The Senior Secured Notes bear interest at an annual rate of 9.0% plus adjusted three-month LIBOR, with a LIBOR floor of 1.50% and LIBOR cap of 3.00%, payable in cash quarterly in arrears. At March 31, 2022, the interest rate applicable to the Senior Secured Notes was 10.5%.
In addition, the restrictive covenants in the Note Purchase Agreement require the Company to comply with certain minimum liquidity requirements and minimum quarterly product sales requirements. At any time, the Company is required to maintain unrestricted cash and cash equivalents greater than or equal to $15.0 million, and, as of the end of each fiscal quarter, it is required to maintain consolidated Upneeq net product sales greater than or equal to specified quarterly thresholds (beginning at $3.0 million for the quarter ending March 31, 2022, and increasing in $1.0 million increments each quarter thereafter until the quarter ending June 30, 2024, for which quarter and all subsequent quarters the threshold is $12.0 million). At March 31, 2022, the Company was in compliance with all conditions of the Note Purchase Agreement.
During the year ended December 31, 2021, the Company incurred aggregate debt issuance costs of $2.1 million related
to the Senior Secured Notes, $1.5 million and $0.6 million of which were recognized as financial commitment assets
underlying the first and second tranche notes, respectively.

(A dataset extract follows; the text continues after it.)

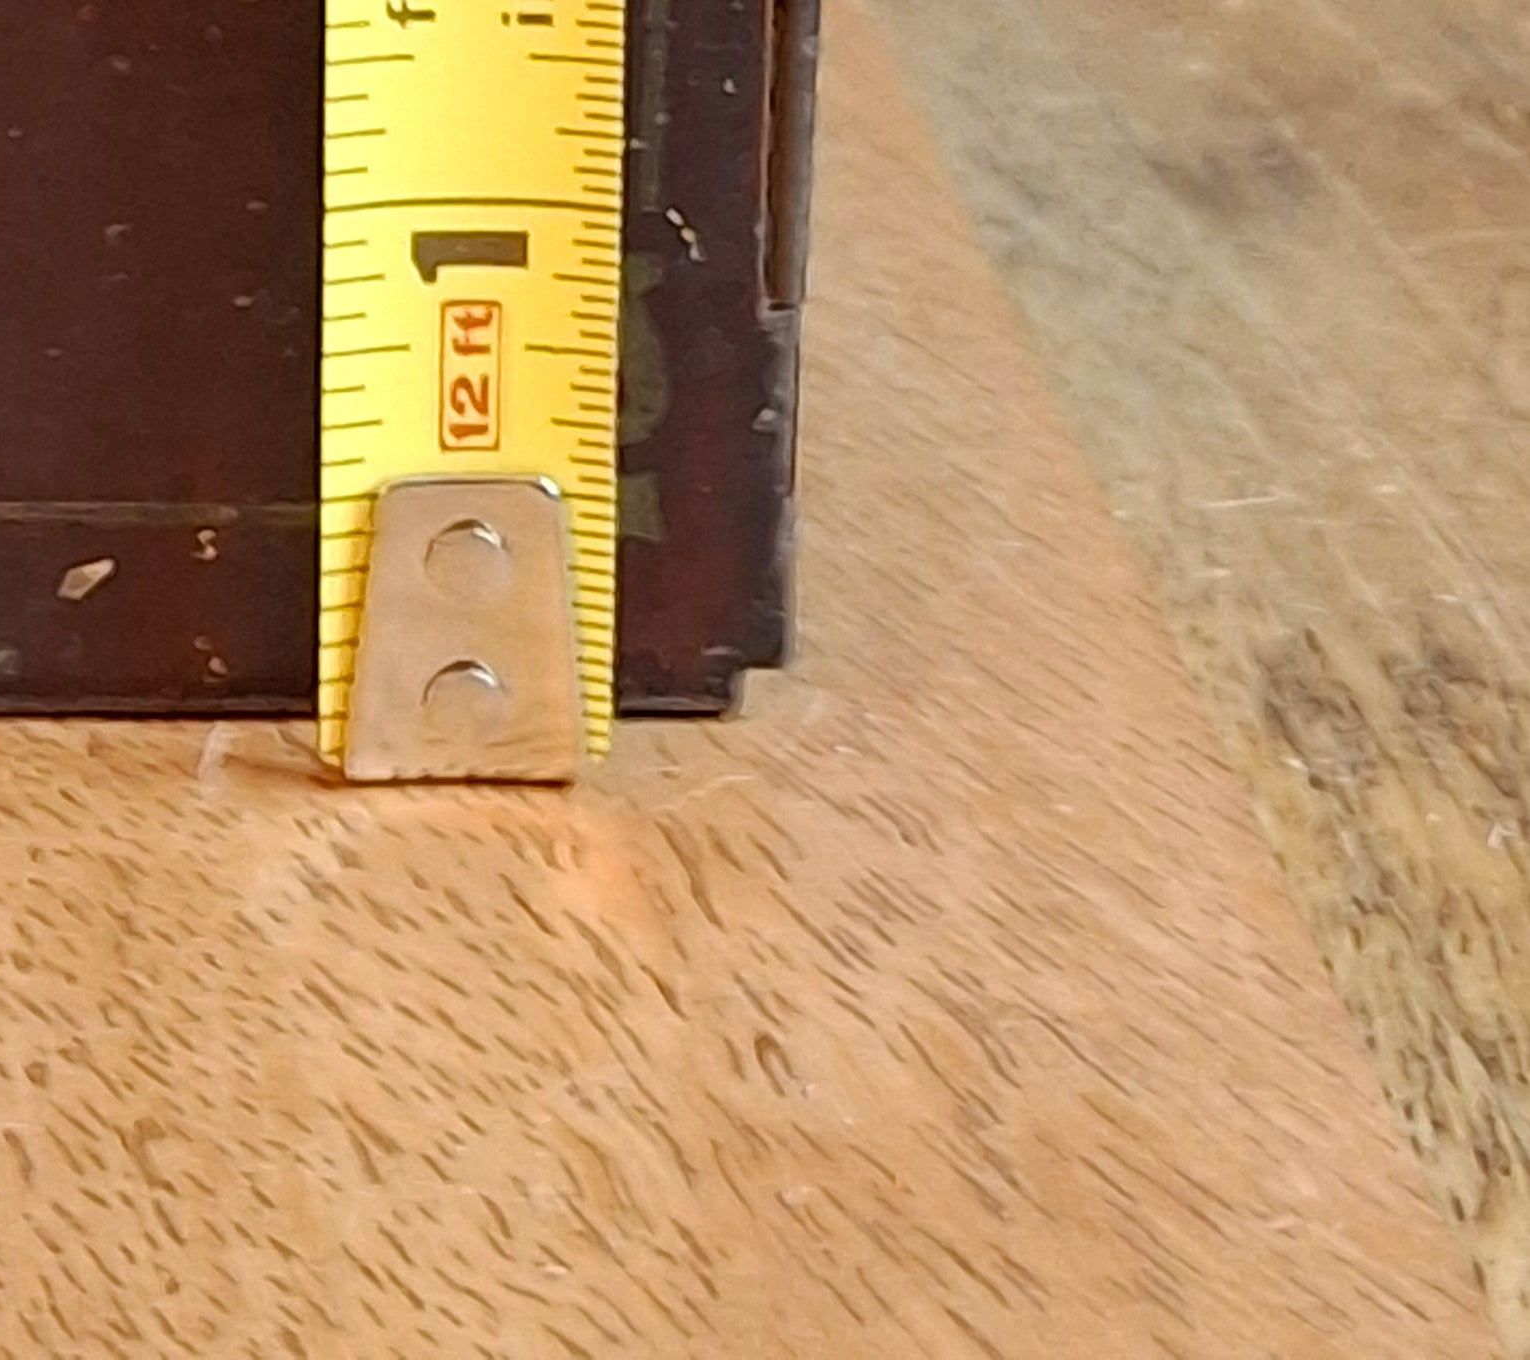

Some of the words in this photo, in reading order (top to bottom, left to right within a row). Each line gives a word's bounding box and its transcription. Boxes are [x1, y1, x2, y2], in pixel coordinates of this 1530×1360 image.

[410, 229, 529, 284] 1
[450, 304, 495, 357] ft
[449, 373, 492, 441] 12

The Company elected the fair value option of accounting on the senior secured notes upon issuance and, accordingly, a proportionate amount of related debt issuance costs were immediately written off. The Company’s residual financial commitment asset related to the undrawn second tranche notes, is being amortized over the relevant one-year commitment period. During the three months ended March 31, 2022, the Company recognized $1.0 million of amortization expense from the second tranche financial commitment asset with such expense being recorded within interest expense and amortization of debt discount in the accompanying unaudited condensed consolidated statements of operations and comprehensive loss. At March 31, 2022 and December 31, 2021, the second tranche financial commitment asset had a carrying value of $2.1 million and $3.1 million, respectively, and was recorded within current assets in the accompanying unaudited condensed consolidated balance sheets. If the second tranche notes are drawn within the one-year commitment period, the Company will expense the remaining balance under the fair value option of accounting.
On a recurring basis, changes in fair value of Senior Secured Notes will be presented in the accompanying unaudited condensed consolidated statements of operations and comprehensive loss at each reporting period (see Note 13).

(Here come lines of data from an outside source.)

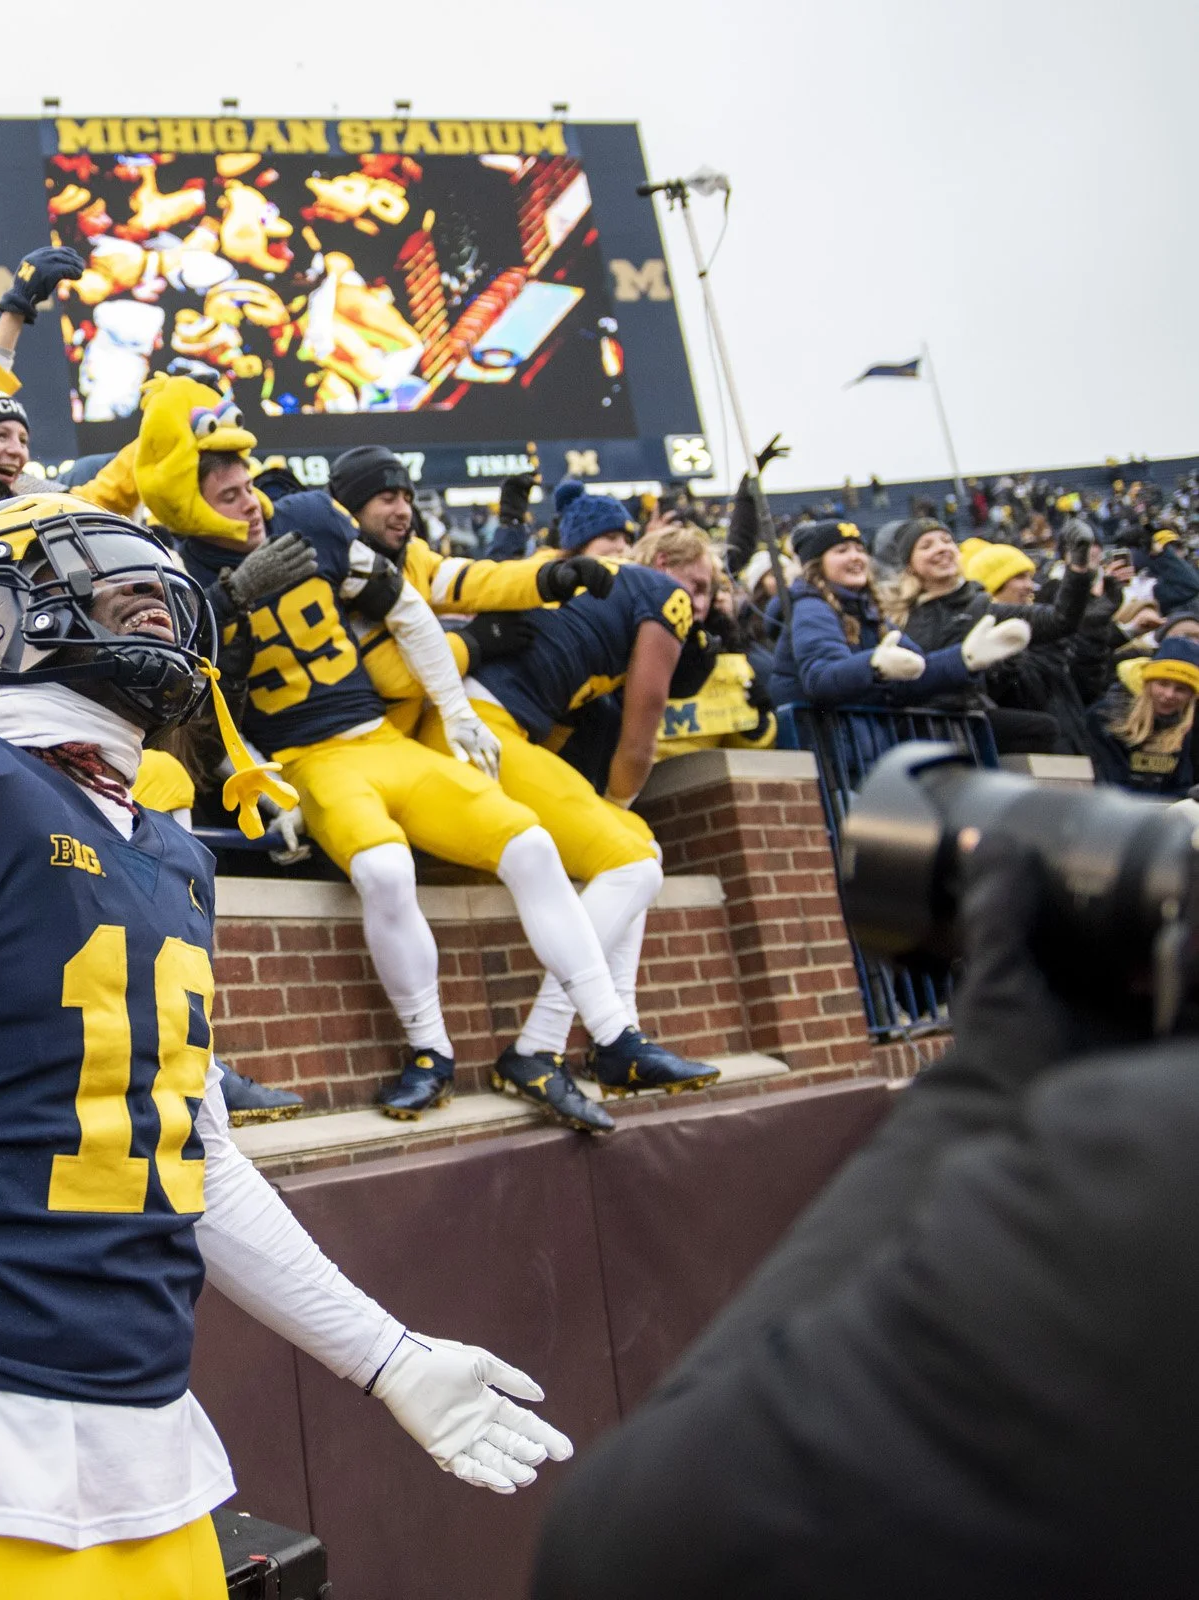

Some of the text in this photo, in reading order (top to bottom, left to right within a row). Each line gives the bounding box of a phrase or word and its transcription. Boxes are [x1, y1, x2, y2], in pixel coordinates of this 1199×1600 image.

[56, 119, 568, 155] MICHIGAN STADIUM
[609, 259, 670, 302] M
[466, 454, 537, 477] FINAL
[664, 702, 700, 735] M
[48, 925, 215, 1214] 18
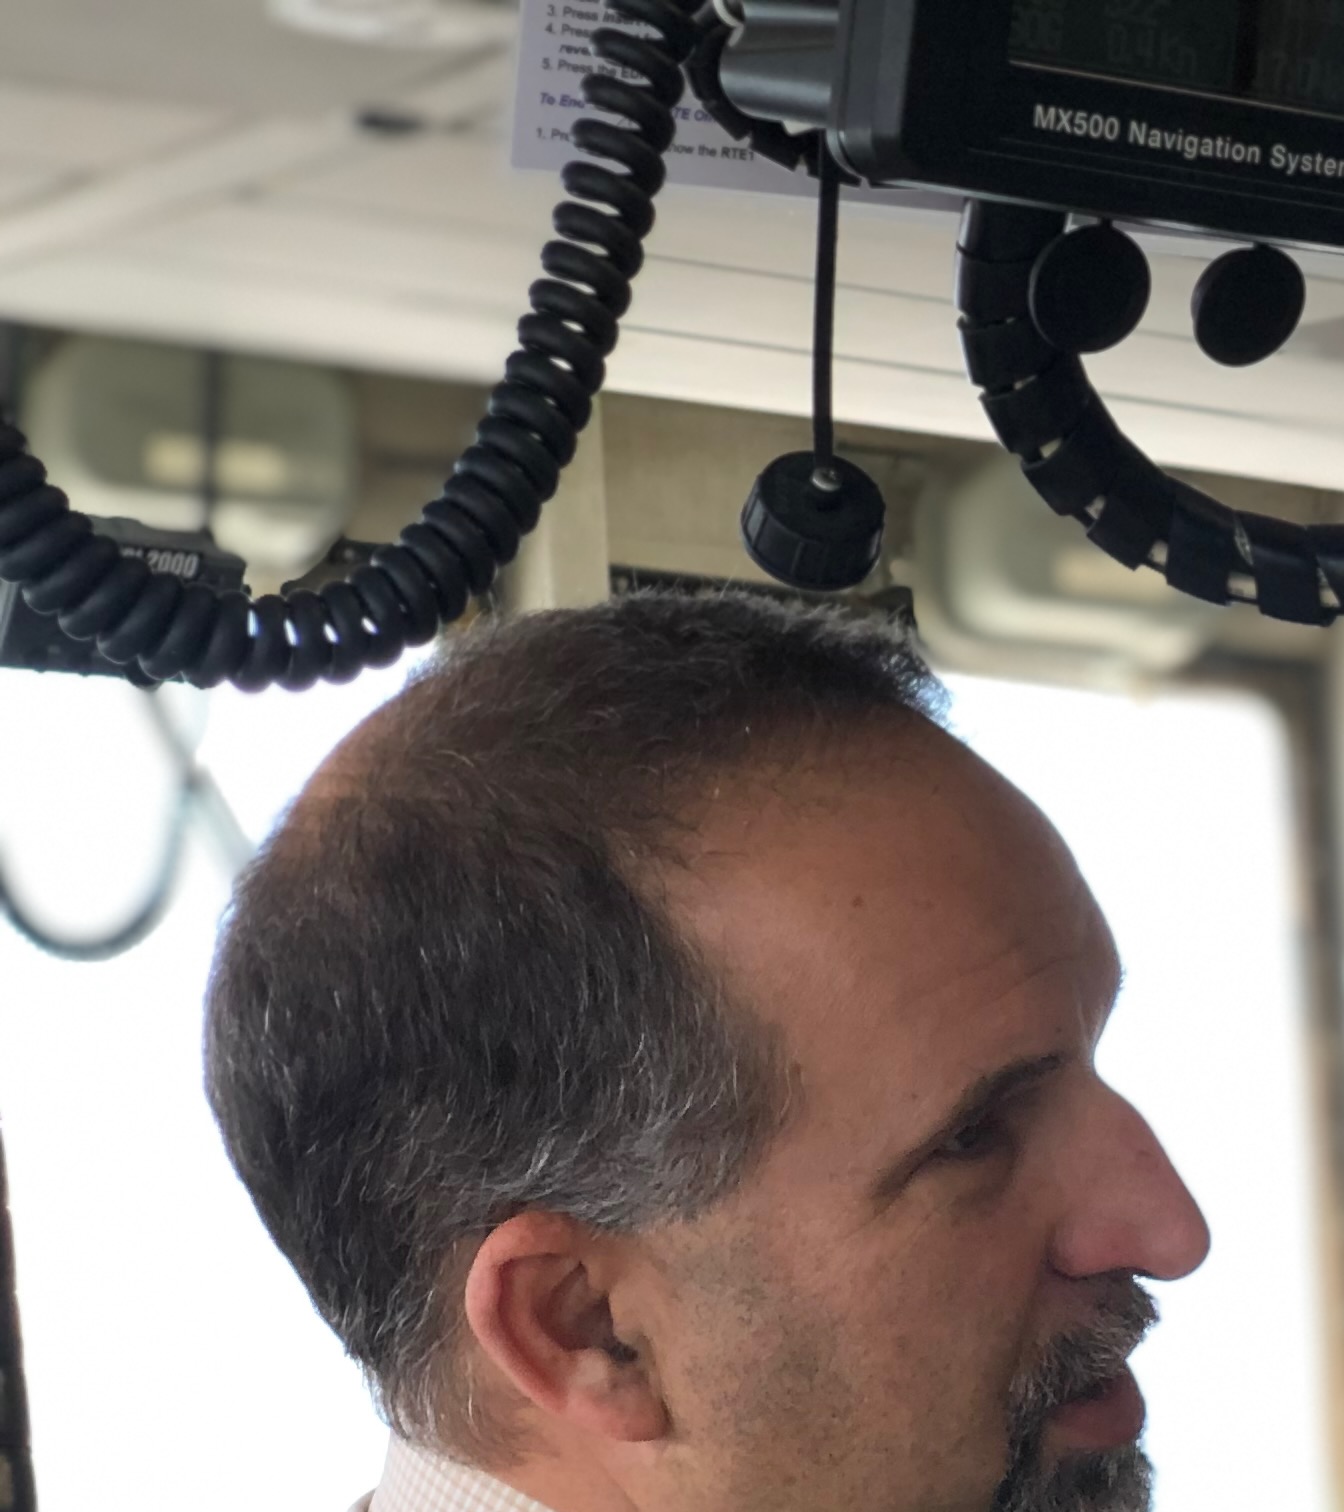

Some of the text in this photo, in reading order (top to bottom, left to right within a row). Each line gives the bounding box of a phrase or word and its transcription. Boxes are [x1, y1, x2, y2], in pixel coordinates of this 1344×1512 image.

[563, 6, 599, 22] Press
[540, 92, 556, 106] To
[1033, 103, 1121, 141] MX500
[1128, 120, 1262, 164] Navigation

In the three months ended March 31, 2022, the Company obtained waivers from the Purchaser of mandatory repayments of an aggregate of $5.0 million in principal of the Senior Secured Notes as otherwise required under the Note Purchase Agreement, in exchange for a consent fee of $0.2 million, resulting in net retained proceeds of $4.8 million.
Note 9. Share-Based Compensation
The following table presents the components of share-based compensation expense (in thousands):
| | | | | | |
| | Three Months Ended March 31, |
| | 2022 | | 2021 |
Share options | | $ | 550 | | $ | 101 |
Performance stock units | | | — | | | 225 |
Restricted stock units | | | 616 | | | 729 |
Employee share purchase plan | | | 43 | | | 19 |
Total share-based compensation expense | | $ | 1,209 | | $ | 1,074 |
At March 31, 2022, aggregate unrecognized share compensation expense related to unvested awards was $7.0 million which is expected to be recognized over a weighted-average remaining service period of 1.86 years.